How can Escondido City Councilmember Olga Diaz reconcile her seemingly contradictory positions on new residential developments in Escondido? She has been the nemesis of the Escondido Country Club community that is fighting Beverly Hills property speculator Michael Schlesinger's attempt to place nearly 400 new homes on the abandoned fairways of the former golf course. In August 2013, she supported keeping the land 'Open Space' by voting with the entire council to unanimously adopt the Citizens Open Space Initiative that designated the golf land as permanent open space.
In August 2015 when a judge vacated the CPRI initiative as an "unconstitutional" taking of the zoning allowance, she switched her position and has consistently supported the owners proposals to redevelop the grounds. She was one of the three council members, none of whom represent the community, to vote for approval of "The Villages" project last November.

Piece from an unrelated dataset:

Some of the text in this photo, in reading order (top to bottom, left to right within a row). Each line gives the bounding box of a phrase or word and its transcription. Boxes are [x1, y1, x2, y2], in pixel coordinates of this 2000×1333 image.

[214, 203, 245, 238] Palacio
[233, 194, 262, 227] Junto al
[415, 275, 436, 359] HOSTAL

She recently reiterated her opposition to Concordia Development's proposal called "Safari Highlands", saying the density would be 'inappropriate.' Concordia would build 550 luxury residences on 400 acres of a near 1000 acre property.The land would have to be annexed to Escondido, and much new infrastructure would be required of the builder.
Yet she thinks inserting 400 new homes into a long settled, mostly retirement oriented neighborhood of the Escondido Country Club community, would be 'appropriate'. Go figure...

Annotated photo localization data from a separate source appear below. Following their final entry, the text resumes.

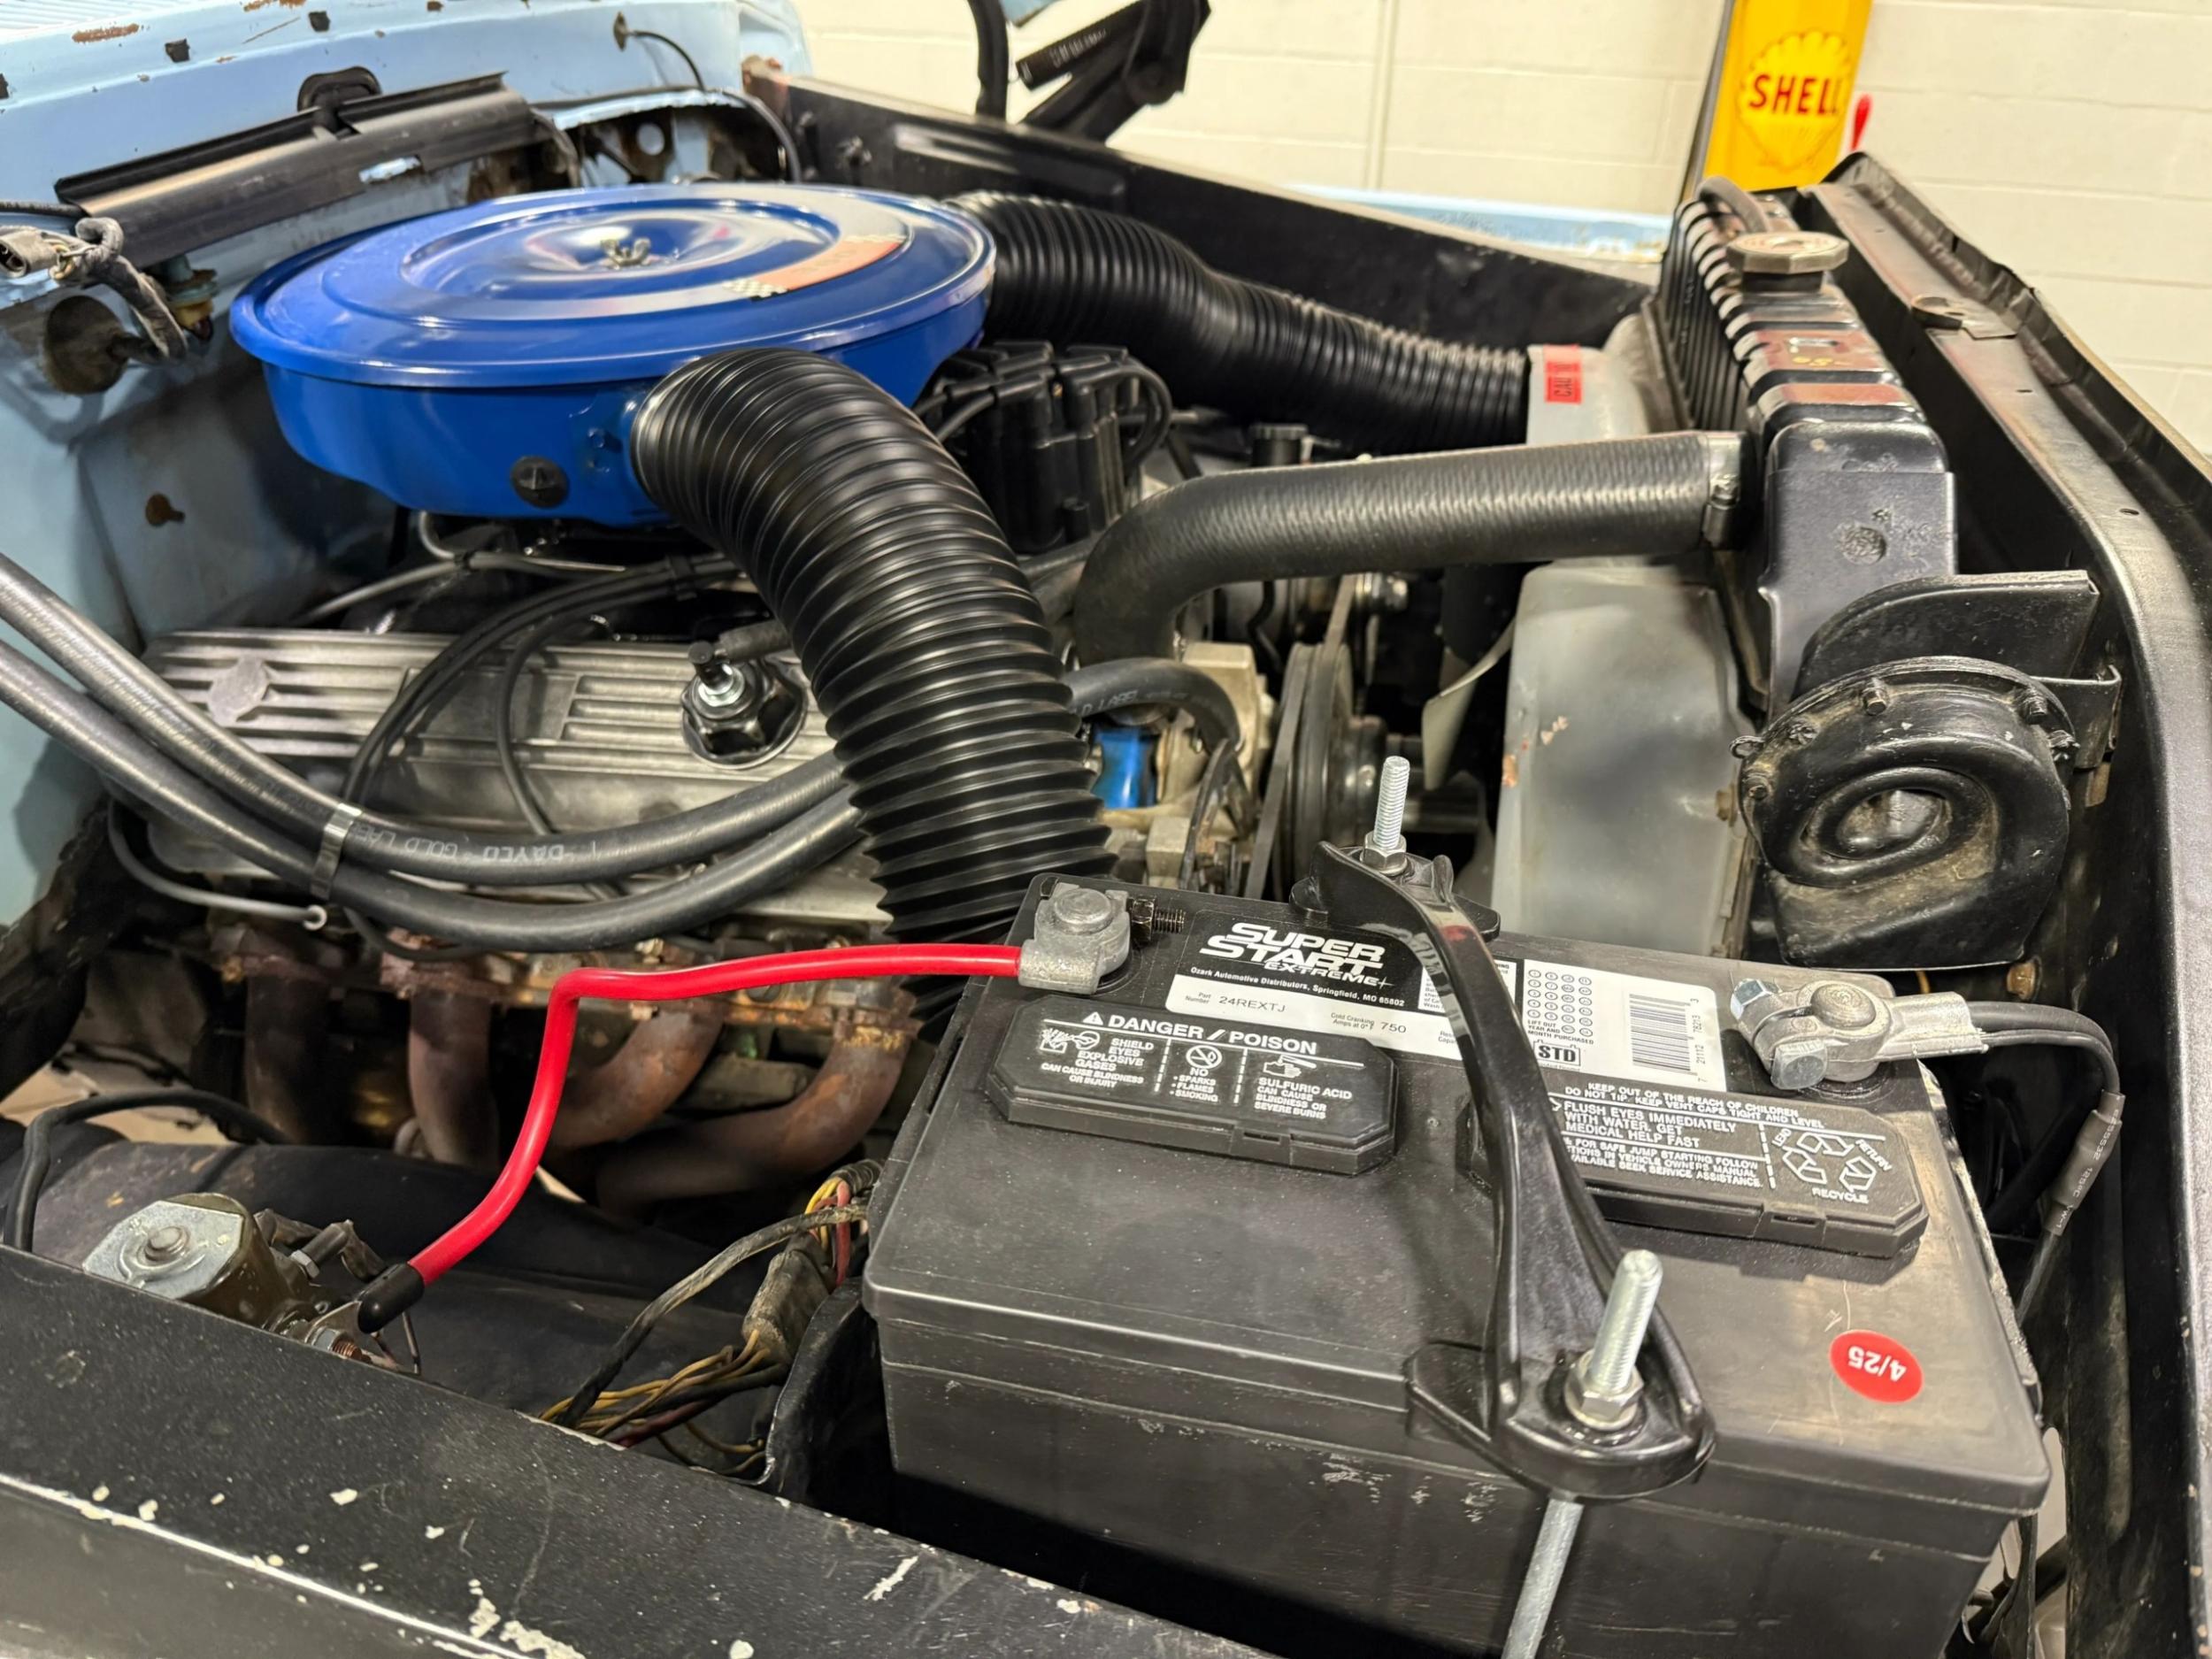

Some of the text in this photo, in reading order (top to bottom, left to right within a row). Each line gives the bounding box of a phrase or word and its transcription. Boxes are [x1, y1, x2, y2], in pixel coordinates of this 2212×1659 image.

[1748, 73, 1839, 115] SHELL
[404, 837, 458, 858] GOLD
[482, 843, 565, 863] DAYCO
[1231, 922, 1386, 963] SUPER
[1199, 934, 1384, 976] START
[1190, 966, 1213, 977] Ozark
[1214, 970, 1259, 984] Automotive
[1261, 977, 1310, 992] Distributors,
[1312, 984, 1360, 1000] Springfield,
[1363, 994, 1378, 1003] MO
[1184, 995, 1210, 1004] Number
[1218, 995, 1286, 1013] 24REXTJ
[1333, 1018, 1353, 1027] Amps
[1346, 1015, 1375, 1025] Cranking
[1380, 1021, 1408, 1033] 750
[1108, 1014, 1317, 1056] DANGER / POISON
[1554, 1033, 1594, 1045] PURCHASED
[1108, 1046, 1141, 1057] EYES
[1110, 1038, 1155, 1051] SHIELD
[1077, 1050, 1145, 1067] EXPLOSIVE
[1538, 1045, 1576, 1063] STD
[1041, 1062, 1145, 1085] CAN CAUSE BLINDNESS
[1075, 1058, 1117, 1071] GASES
[1189, 1067, 1210, 1077] NO
[1069, 1074, 1118, 1088] OR INJURY
[1177, 1081, 1215, 1094] FLAMES
[1179, 1074, 1217, 1087] SPARKS
[1258, 1077, 1353, 1100] SULFURIC ACID
[1175, 1089, 1219, 1102] SMOKING
[1256, 1093, 1327, 1111] BLINDNESS OR
[1257, 1086, 1314, 1102] CAN CAUSE
[1588, 1082, 1800, 1118] KEEP OUT OF THE REACH OF CHILDREN
[1254, 1101, 1326, 1119] SEVERE BURNS
[1564, 1086, 1581, 1096] DO
[1584, 1090, 1607, 1100] NOT
[1634, 1096, 1663, 1107] KEEP
[1665, 1101, 1694, 1112] VENT
[1697, 1104, 1727, 1116] CAPS
[1729, 1108, 1763, 1120] TIGHT
[1765, 1114, 1789, 1124] AND
[1791, 1117, 1825, 1129] LEVEL
[1563, 1101, 1737, 1133] FLUSH EYES IMMEDIATELY
[1564, 1111, 1683, 1136] WITH WATER. GET
[1565, 1122, 1700, 1148] MEDICAL HELP FAST
[1575, 1138, 1597, 1148] FOR
[1599, 1141, 1626, 1154] SAFE
[1629, 1147, 1658, 1157] JUMP
[1660, 1150, 1714, 1165] STARTING
[1715, 1156, 1759, 1170] FOLLOW
[1855, 1139, 1893, 1171] RETURN
[1604, 1150, 1616, 1159] IN
[1617, 1152, 1662, 1166] VEHICLE
[1712, 1164, 1757, 1179] MANUAL
[1618, 1160, 1647, 1172] SEEK
[1648, 1165, 1694, 1179] SERVICE
[1811, 1187, 1870, 1204] RECYCLE
[1847, 1345, 1908, 1382] 4/25

The planned new communities proposed by New Urban West at the now dead or dying green belt, would dramatically increase pressure on the existing community service providers, fire, police, schools and water supplies. It would subject the community to years of dust and noise disturbance from construction, and destroy the view corridors purposely designed into the golf course layout and housing configurations. It would rob the existing golf course homes of millions in equity, effectively transferring it to the pockets of the new neighbor.

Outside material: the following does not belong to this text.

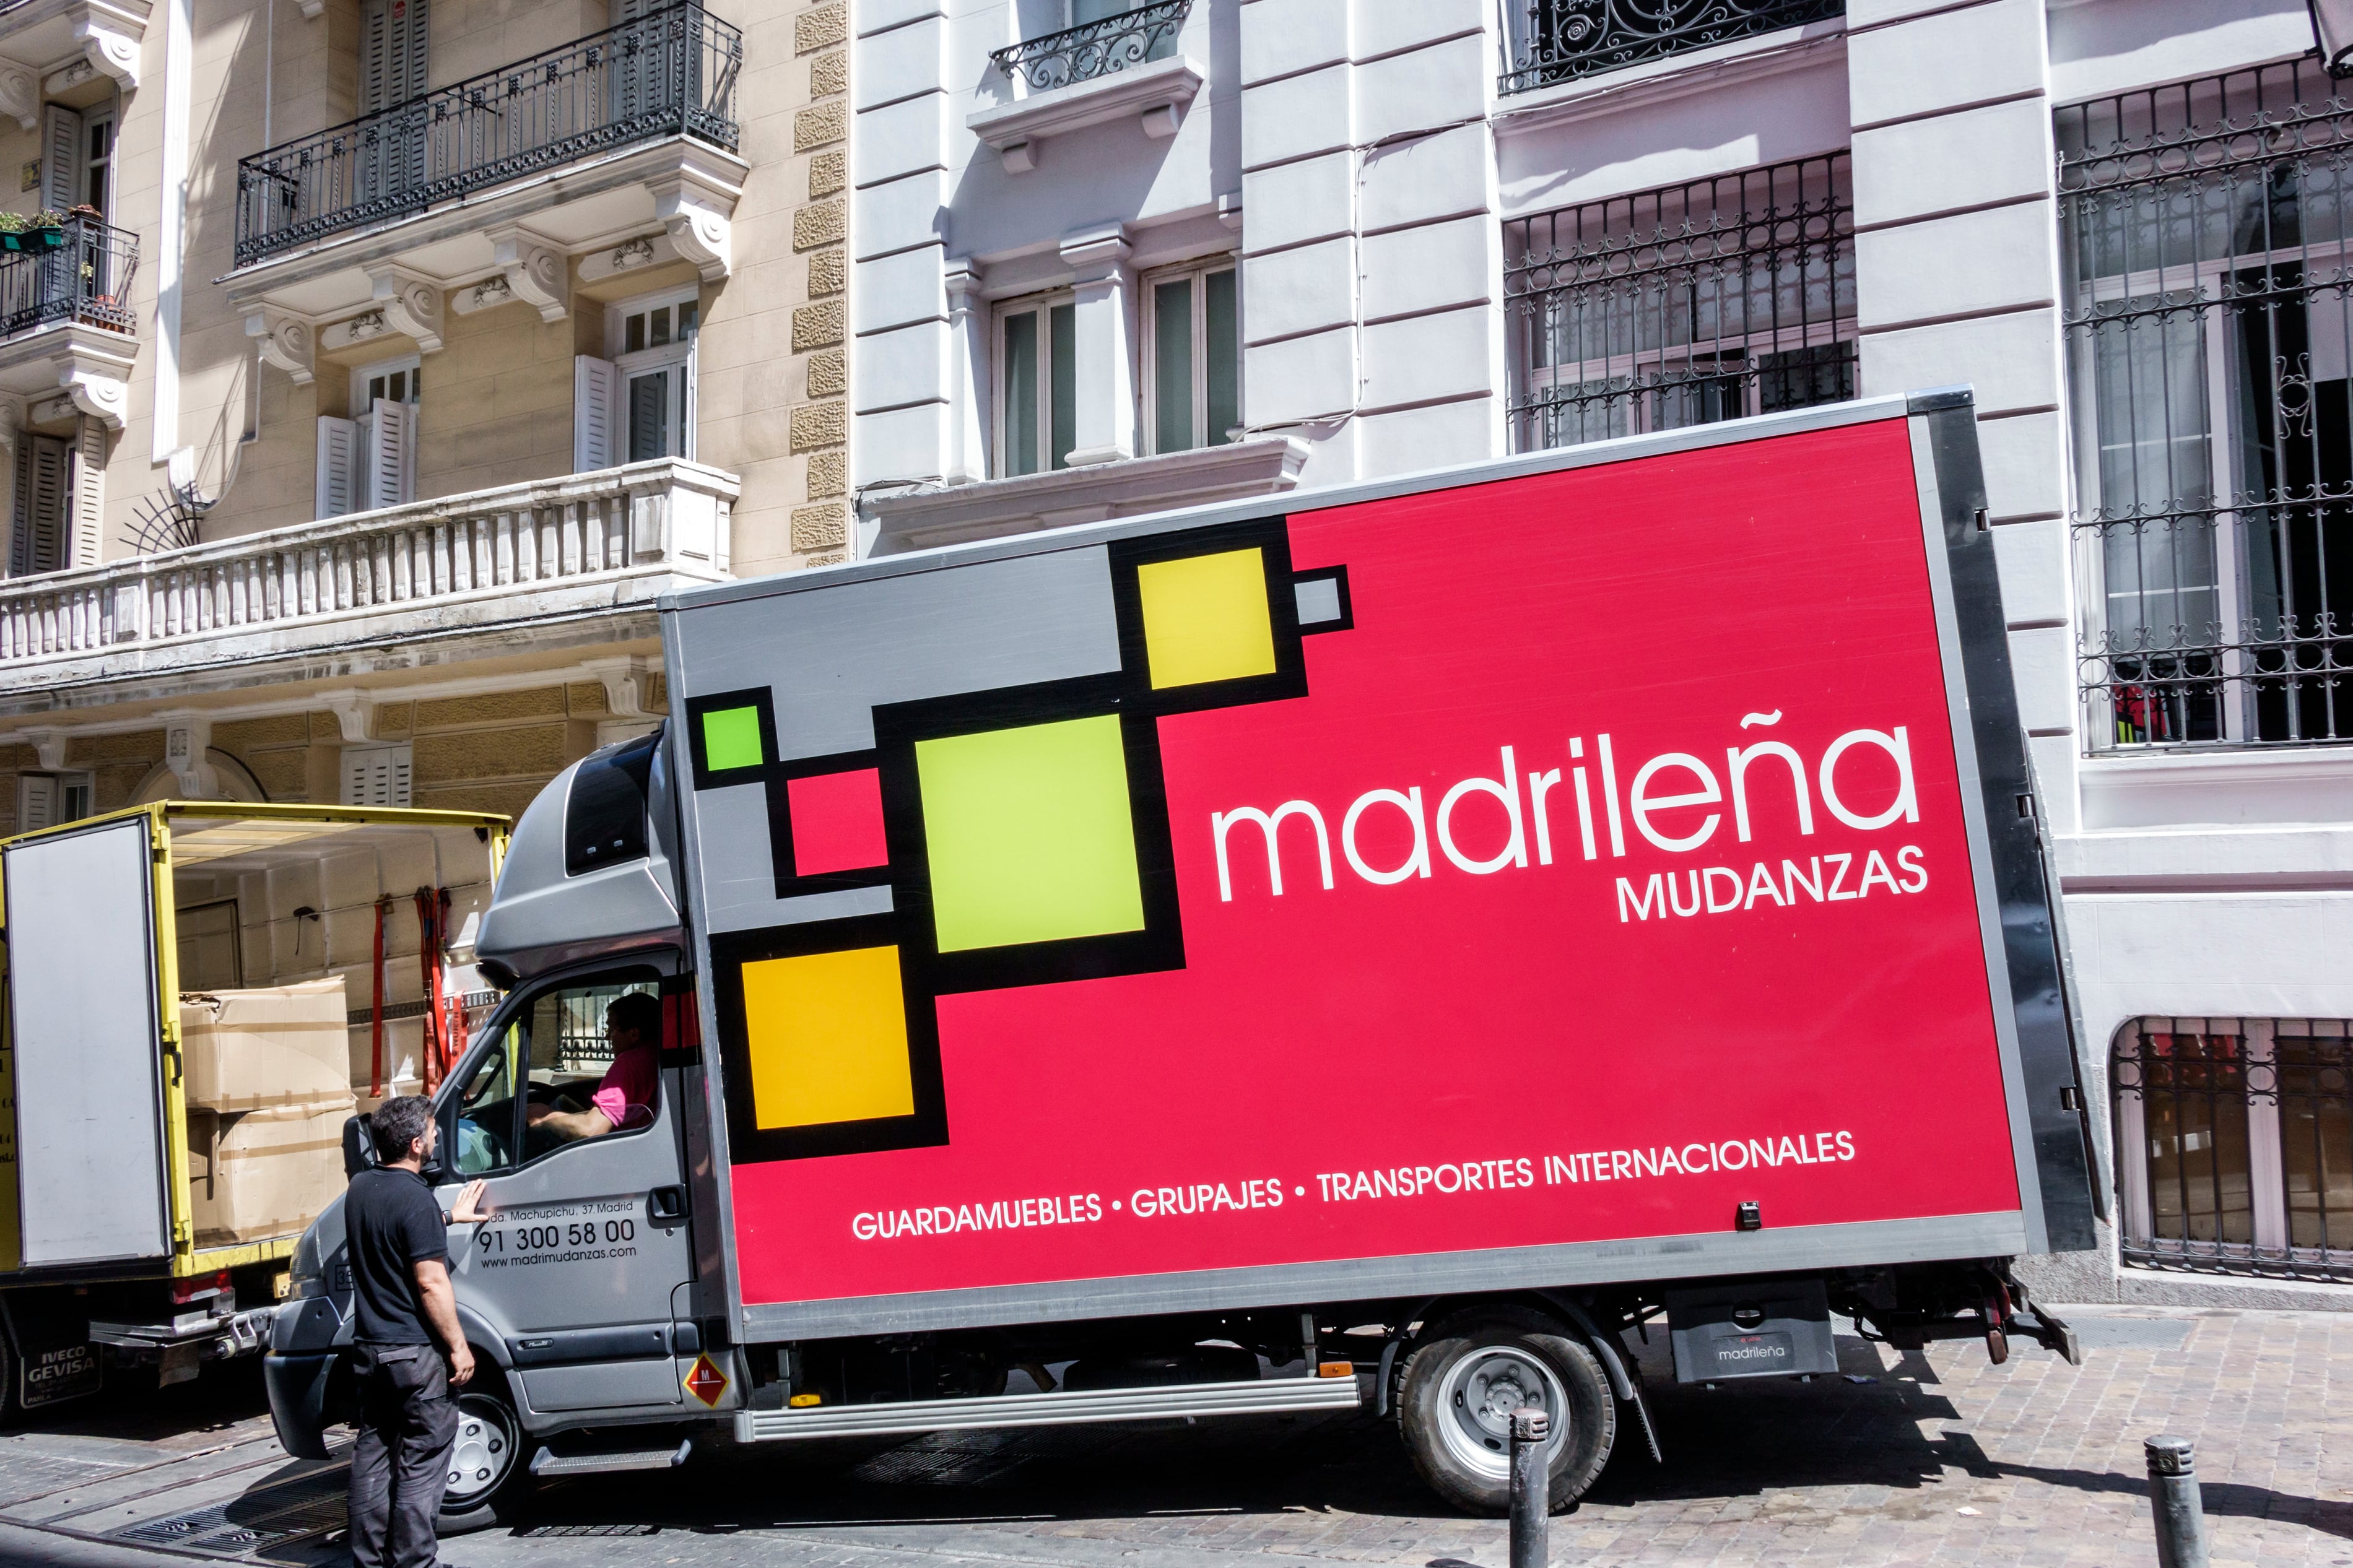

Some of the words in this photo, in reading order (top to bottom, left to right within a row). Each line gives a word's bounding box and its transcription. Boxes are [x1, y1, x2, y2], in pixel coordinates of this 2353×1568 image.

And then there is the traffic issue...
The Safari Highlands project, on the other hand is just east of the San Diego Zoo Safari Park. The builder claims it would fill a need for new semi-rural family homes. It would have to provide improved streets and bring new services to an otherwise undeveloped area. It would also put new demands on roads that were built decades ago for mostly agricultural needs. I do not suggest whether it is, or is not, appropriate for the area. But the difference between the two projects are enormous.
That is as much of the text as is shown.